Combining the two vertical dotted arrows (red and blue) represents the sum of the vertical force. It is equal on both sides and equal to the original vertical force. However, the vertical force’s proportional split between the spring/damper and the suspension links varies. On the left-hand side of figures 6, 7 and 8, which represent the higher roll centre, more vertical load is applied through the suspension links, resulting in less body roll.
Another way to interpret this is to consider the roll centre as the force coupling point between the suspension and the chassis. Tyre forces transfer to the chassis into this point, while inertial forces apply at the centre of gravity. The distance between these points creates a moment arm, and the difference in force makes a roll moment of this arm. The stiffness of the spring and dampers must resist this roll moment, and the lower the total moment generated, the less the body will roll.
A higher roll centre will reduce the moment arm, and therefore roll moment. Once the roll centre and centre of gravity are at the same height, no kinematic roll occurs. The roll centre helps us understand the application of forces across the vehicle.
Roll centre as a tuning tool
For racing series where suspension adjustment is allowed, the roll centre is one of many tools in the race engineer’s proverbial toolbox when trying to fine-tune vehicle behaviour. However, as the roll centre plays a very complex role in the suspension kinematics and performance, there are many influences one needs to understand before adjusting.
Raising the roll centre can decrease the roll couple generated in a corner and reduce overall body roll. In addition, lowering the moment arm between the roll centre and the centre of gravity will reduce the roll inertia, improving the roll response.
Diverting forces away from the spring and damper and into the suspension links means the suspension arms will experience increased loading. They may need to be sized larger to maintain reliability as a result. In addition, any vertical force on the suspension links pushes the chassis up during a corner which can be an advantage, or a disadvantage, depending on the vehicle’s characteristics.

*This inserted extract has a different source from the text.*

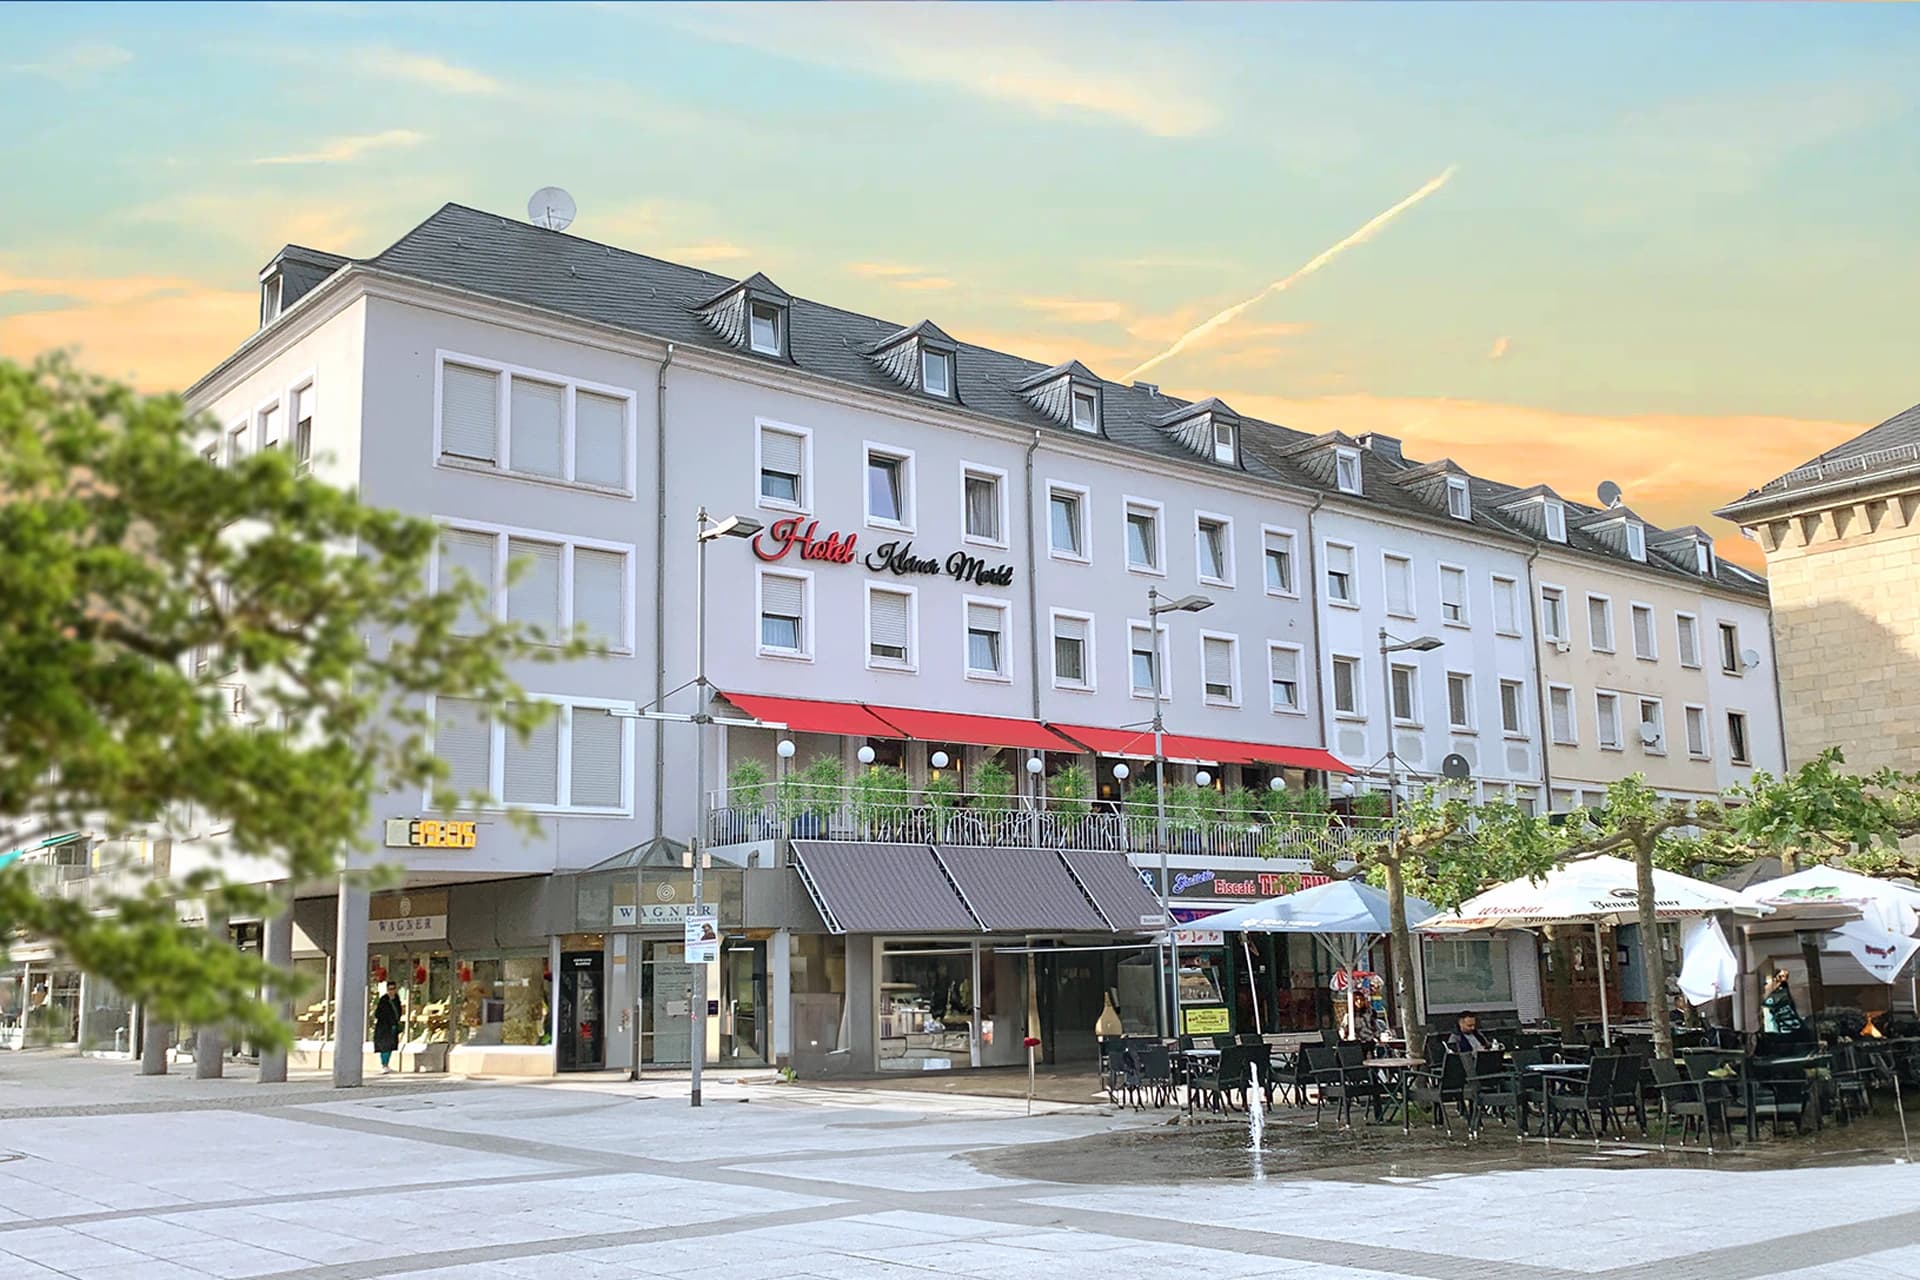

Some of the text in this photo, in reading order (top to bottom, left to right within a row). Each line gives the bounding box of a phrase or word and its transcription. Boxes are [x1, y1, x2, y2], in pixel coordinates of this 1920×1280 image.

[752, 516, 1014, 586] Hotel Kleiner Markt
[1213, 879, 1257, 895] Eiscafé
[619, 905, 712, 918] WAGNER

In a cornering scenario, lateral load transfer is distributed proportionally between the suspension links and the spring/damper units by the height of the roll centre. Load transfer through the spring and damper units is known as elastic load transfer because it is only complete at peak roll. By comparison, the suspension links exhibit geometric load transfer, which happens much faster than elastic load transfer. Adjusting the load on the suspension links is a method of tuning the speed at which load is transferred across the car, altering the dynamic performance and balance.

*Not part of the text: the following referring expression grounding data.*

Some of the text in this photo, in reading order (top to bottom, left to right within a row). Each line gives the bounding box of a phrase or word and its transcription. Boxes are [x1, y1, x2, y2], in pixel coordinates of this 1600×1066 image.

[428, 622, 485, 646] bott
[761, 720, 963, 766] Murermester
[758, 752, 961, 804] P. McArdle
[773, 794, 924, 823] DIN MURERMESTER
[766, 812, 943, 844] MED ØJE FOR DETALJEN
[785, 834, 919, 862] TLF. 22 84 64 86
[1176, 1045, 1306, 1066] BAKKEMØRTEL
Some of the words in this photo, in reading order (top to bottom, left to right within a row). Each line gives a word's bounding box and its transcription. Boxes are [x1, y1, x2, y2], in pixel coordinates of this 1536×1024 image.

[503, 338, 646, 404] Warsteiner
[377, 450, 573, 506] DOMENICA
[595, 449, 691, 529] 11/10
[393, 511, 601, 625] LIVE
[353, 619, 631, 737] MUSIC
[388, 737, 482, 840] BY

The inclination of the suspension swing arm influences tyre wear. The higher the roll centre and the more inclination of the swing arm, the more potential side to side movement of the tyre is possible. This will drag the tyre across the asphalt and induce higher temperatures and more wear over a stint.
In summary, though derived from kinematics, the concept of a roll centre goes far beyond the location of suspension linkages. It represents a powerful tool to control the forces and load transfer across the car. This is only a narrow slice of the full picture, as in this article, we explored the roll centre in a 2-dimensional context. In reality, race car suspension is a 3-D system, and one can’t merely consider forces in isolation. The roll centre must be regarded alongside kinematics and compliance, migration of the roll centre, tire flex, and other factors. Hopefully, this information offers insight into the nature of load transfer and can help you strengthen the intuition required to tackle more complex vehicle dynamics problems in the future.